** Recorded information follows **
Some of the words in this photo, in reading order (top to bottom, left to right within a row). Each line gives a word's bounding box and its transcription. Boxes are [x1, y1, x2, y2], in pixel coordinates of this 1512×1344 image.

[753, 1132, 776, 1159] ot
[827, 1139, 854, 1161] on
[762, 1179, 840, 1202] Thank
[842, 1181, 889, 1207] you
** End of Recorded information **
**What to work on**. The entries above must be copied verbatim. Leave none out.

**Solution**.
Some of the words in this photo, in reading order (top to bottom, left to right within a row). Each line gives a word's bounding box and its transcription. Boxes are [x1, y1, x2, y2], in pixel coordinates of this 1512×1344 image.

[753, 1132, 776, 1159] ot
[827, 1139, 854, 1161] on
[762, 1179, 840, 1202] Thank
[842, 1181, 889, 1207] you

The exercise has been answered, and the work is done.